-
Notifications
You must be signed in to change notification settings - Fork 11
Open
Labels
Milestone
Description
CHANGELOG: https://datapackage.org/overview/changelog/#schemafieldsmatch-new
Design decisions
- The df returns columns in the order of the schema, not the csv file. This helps aligns files, the schema is the canonical truth.
- The df returns columns only from the csv file, not all columns defined in the schema. Full schema dfs might be useful in some cases, but I think that should be handled after a df is loaded (e.g.
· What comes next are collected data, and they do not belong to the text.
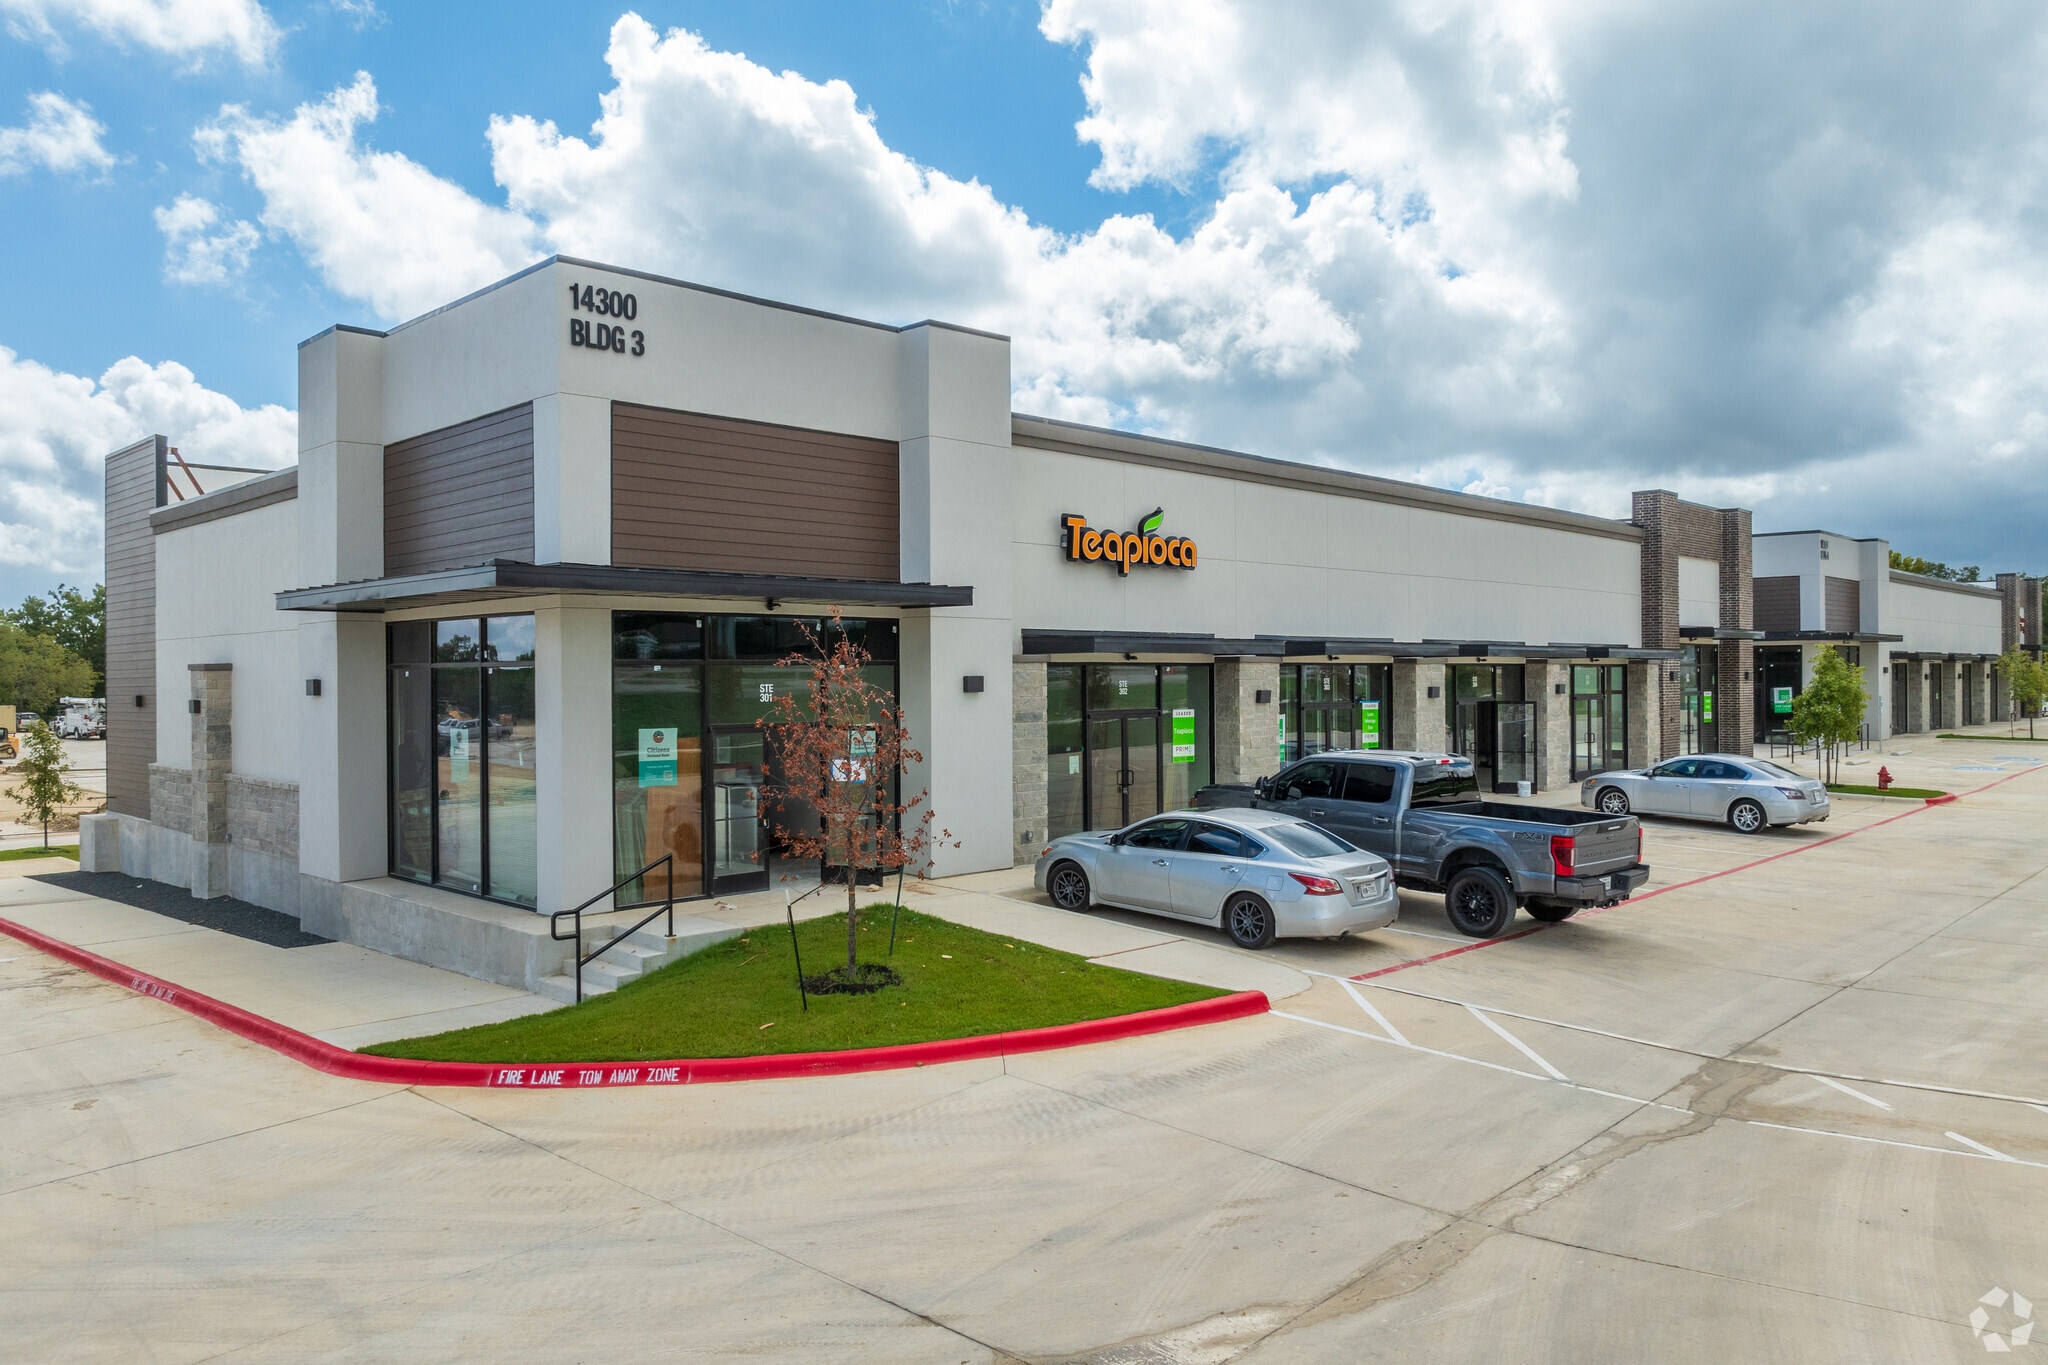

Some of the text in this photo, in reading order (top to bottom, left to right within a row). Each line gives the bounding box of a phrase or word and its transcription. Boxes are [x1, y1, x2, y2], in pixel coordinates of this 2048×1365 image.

[569, 283, 637, 320] 14300
[570, 318, 646, 357] BLDG 3
[1061, 511, 1198, 577] Teapioca
[760, 684, 773, 692] STE
[1119, 680, 1128, 688] STE
[760, 693, 772, 702] 301
[498, 1067, 681, 1085] FIRE LANE TOW AWAY ZONE
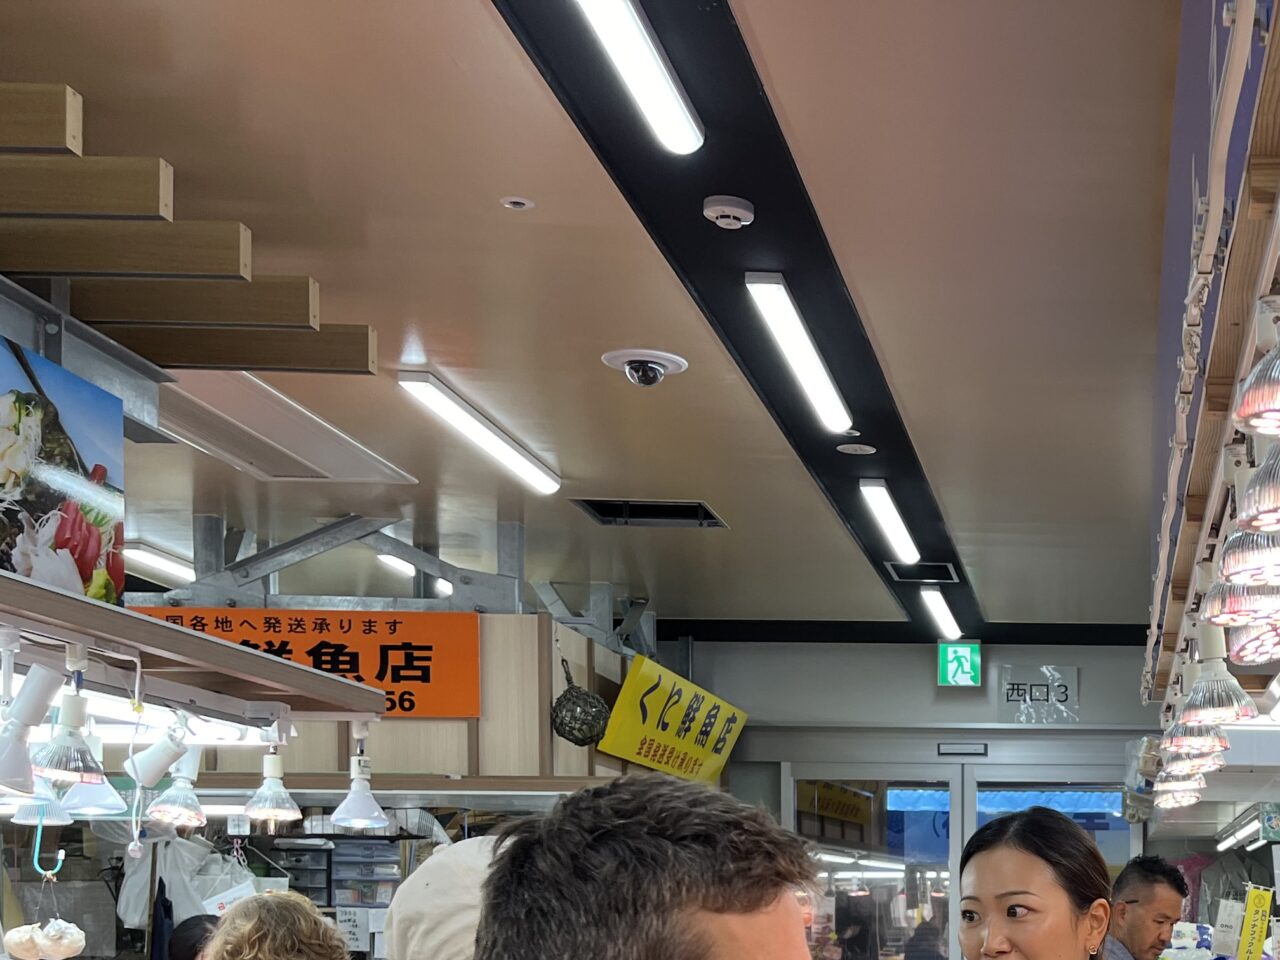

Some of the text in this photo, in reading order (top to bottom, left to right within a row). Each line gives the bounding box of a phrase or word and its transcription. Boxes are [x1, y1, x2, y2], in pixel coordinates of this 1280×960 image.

[146, 613, 404, 635] 国各地へ発送承ります
[1006, 683, 1070, 703] 西口3
[639, 673, 738, 756] くに鮮魚店
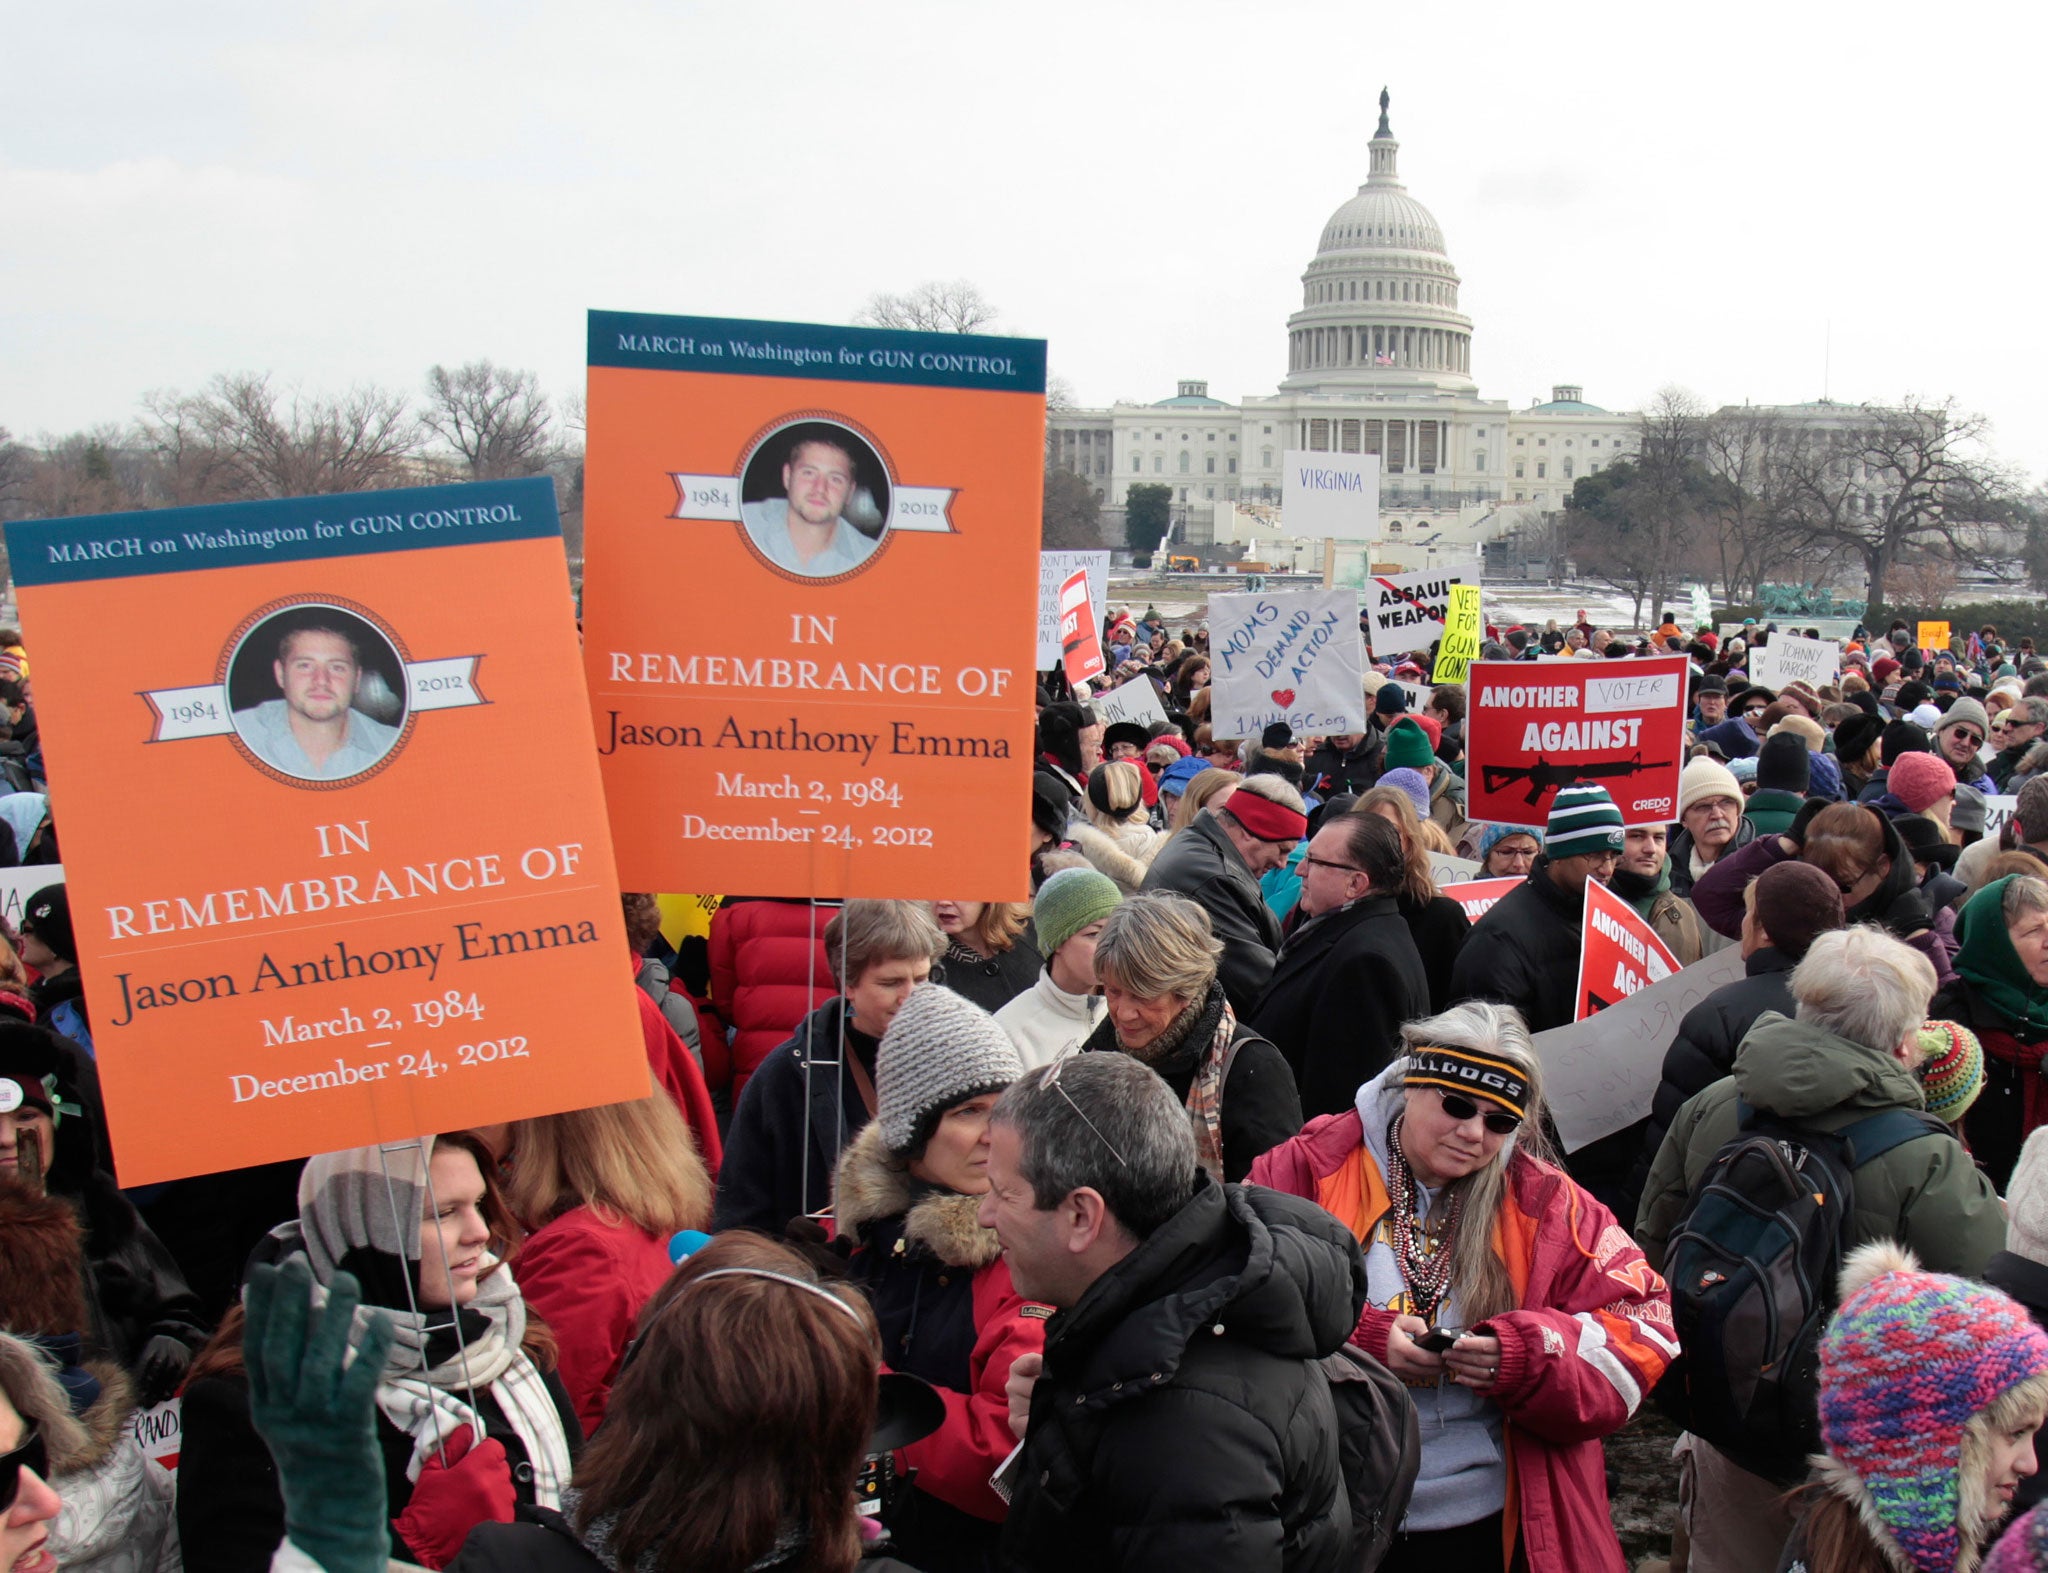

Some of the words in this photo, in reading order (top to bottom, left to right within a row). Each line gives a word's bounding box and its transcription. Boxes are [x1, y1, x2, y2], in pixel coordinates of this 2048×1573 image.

[618, 334, 695, 355] MARCH
[701, 343, 723, 357] on
[729, 340, 833, 367] Washington
[838, 347, 864, 365] for
[869, 350, 914, 369] GUN
[920, 353, 1016, 376] CONTROL
[1300, 467, 1362, 493] VIRGINIA
[693, 488, 730, 507] 1984
[900, 502, 938, 516] 2012
[48, 538, 143, 564] MARCH
[150, 539, 178, 554] on
[182, 527, 309, 551] Washington
[314, 520, 344, 539] for
[350, 515, 403, 536] GUN
[410, 504, 521, 530] CONTROL
[1041, 569, 1054, 580] TO
[1074, 555, 1102, 567] WANT
[1456, 589, 1478, 610] VETS
[790, 614, 837, 645] IN
[1221, 601, 1278, 672] MOMS
[1457, 613, 1477, 631] FOR
[1255, 610, 1310, 679] DEMAND
[1291, 611, 1339, 685] ACTION
[1445, 633, 1476, 656] GUN
[1780, 642, 1823, 662] JOHNNY
[417, 676, 463, 692] 2012
[609, 652, 941, 694] REMEMBRANCE
[957, 667, 1013, 697] OF
[1780, 660, 1818, 680] VARGAS
[1479, 685, 1579, 708] ANOTHER
[1598, 678, 1664, 704] VOTER
[171, 701, 219, 723] 1984
[598, 710, 704, 755] Jason
[712, 715, 879, 767] Anthony
[889, 721, 1011, 759] Emma
[1521, 718, 1642, 752] AGAINST
[715, 772, 801, 800] March
[808, 781, 832, 803] 2,
[841, 777, 903, 808] 1984
[1632, 797, 1671, 811] CREDO
[315, 821, 370, 857] IN
[682, 814, 815, 843] December
[821, 824, 863, 850] 24,
[872, 826, 933, 848] 2012
[105, 854, 505, 940] REMEMBRANCE
[521, 843, 583, 880] OF
[1591, 907, 1646, 966] ANOTHER
[111, 972, 240, 1027] Jason
[249, 941, 444, 993] Anthony
[453, 918, 599, 961] Emma
[259, 1007, 366, 1047] March
[372, 1008, 403, 1031] 2,
[412, 990, 485, 1028] 1984
[228, 1058, 390, 1103] December
[397, 1049, 448, 1079] 24,
[457, 1036, 530, 1067] 2012
[1409, 1057, 1522, 1097] ULLDOGS
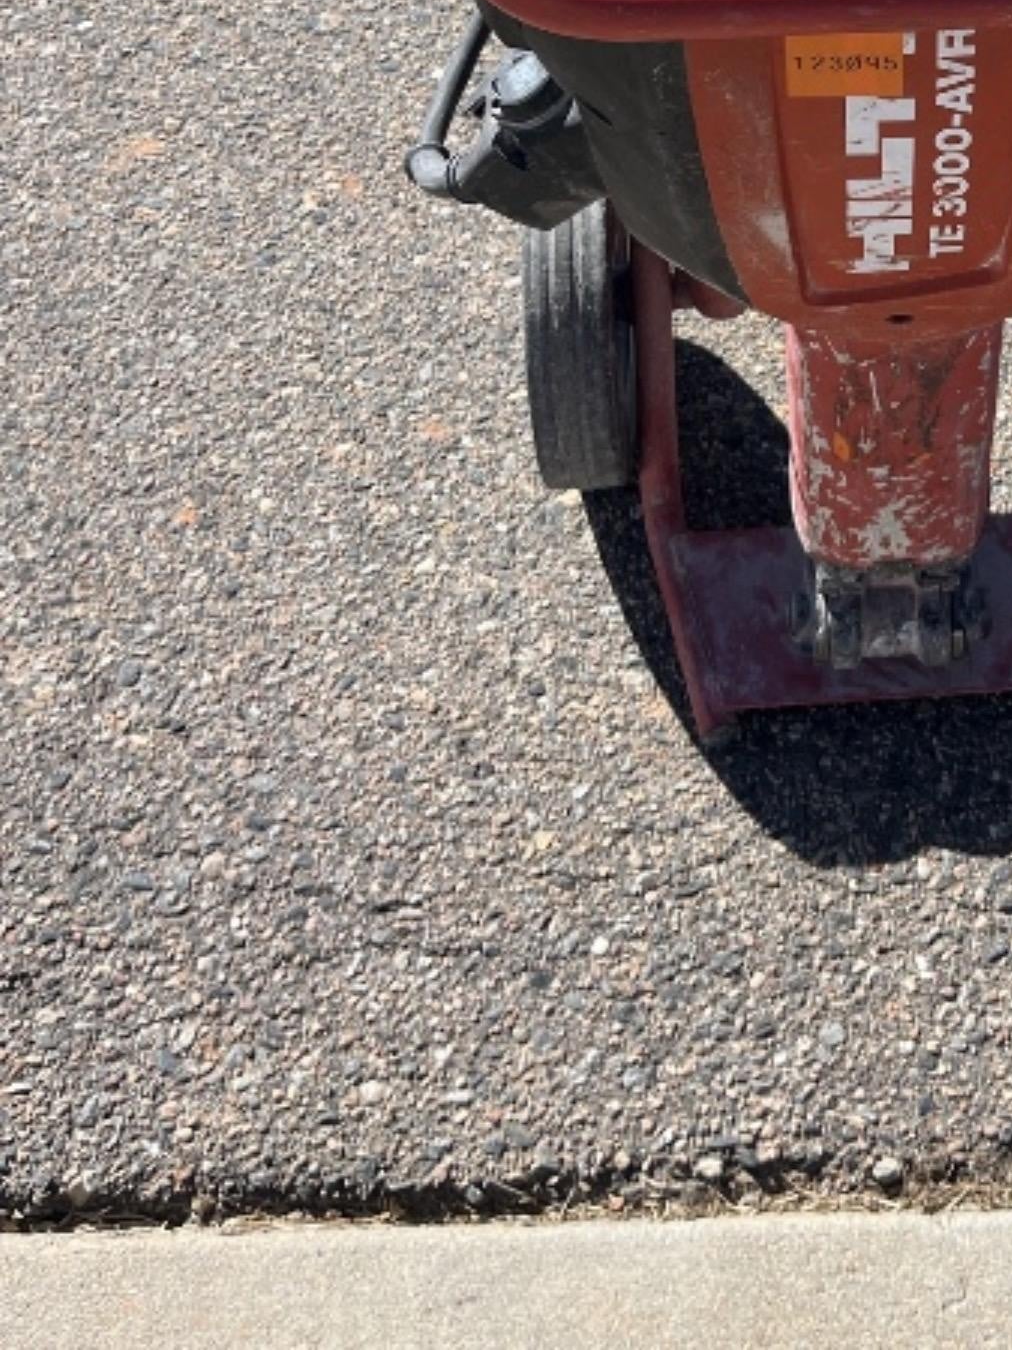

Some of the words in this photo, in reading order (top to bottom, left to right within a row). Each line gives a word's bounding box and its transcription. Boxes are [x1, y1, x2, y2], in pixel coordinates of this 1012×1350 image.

bind_rows()), to avoid additional complexity inread_resource(). - Column order and selection should be done via
dplyr::select()on the returned df. While some could be done viavroom(col_select=)that doesn't allow to compare schema fields with csv fields before selecting, resulting in avroom_select()error that is difficult to capture. By not usingvroom(col_select=), that parameter can continue to be reserved for user input.
Example CSV
| b_text | a_int | c_date |
|---|---|---|
<string> |
<integer> |
<date> |
| text | 1 | 2000-01-01 |
exact match
Note that when not provided, schema.fieldMatch defaults to exact, which is the v1 behaviour.
Expected:
| b_text | a_int | c_date |
|---|---|---|
<string> |
<integer> |
<date> |
| text | 1 | 2000-01-01 |
library(vroom)
csv <- I("b_text,a_int,c_date\ntext,1,2000-01-01")
schema <- list(
# Match on order (no names)
col_character(),
col_big_integer(),
col_date(),
.default = col_character()
)
vroom(csv, col_types = schema)
#> # A tibble: 1 × 3
#> b_text a_int c_date
#> <chr> <int64> <date>
#> 1 text 1 2000-01-01Created on 2025-09-22 with reprex v2.1.1
equal match
Expected:
| a_int | b_text | c_date |
|---|---|---|
<integer> |
<string> |
<date> |
| 1 | text | 2000-01-01 |
library(vroom)
library(dplyr, warn.conflicts = FALSE)
csv <- I("b_text,a_int,c_date\ntext,1,2000-01-01")
schema <- list(
# Match on names, same amount as cols
"a_int" = col_big_integer(),
"b_text" = col_character(),
"c_date" = col_datetime(),
.default = col_character()
)
df <- vroom(csv, col_types = schema)
# Return cols in schema order
schema_cols <- c("a_int", "b_text", "c_date")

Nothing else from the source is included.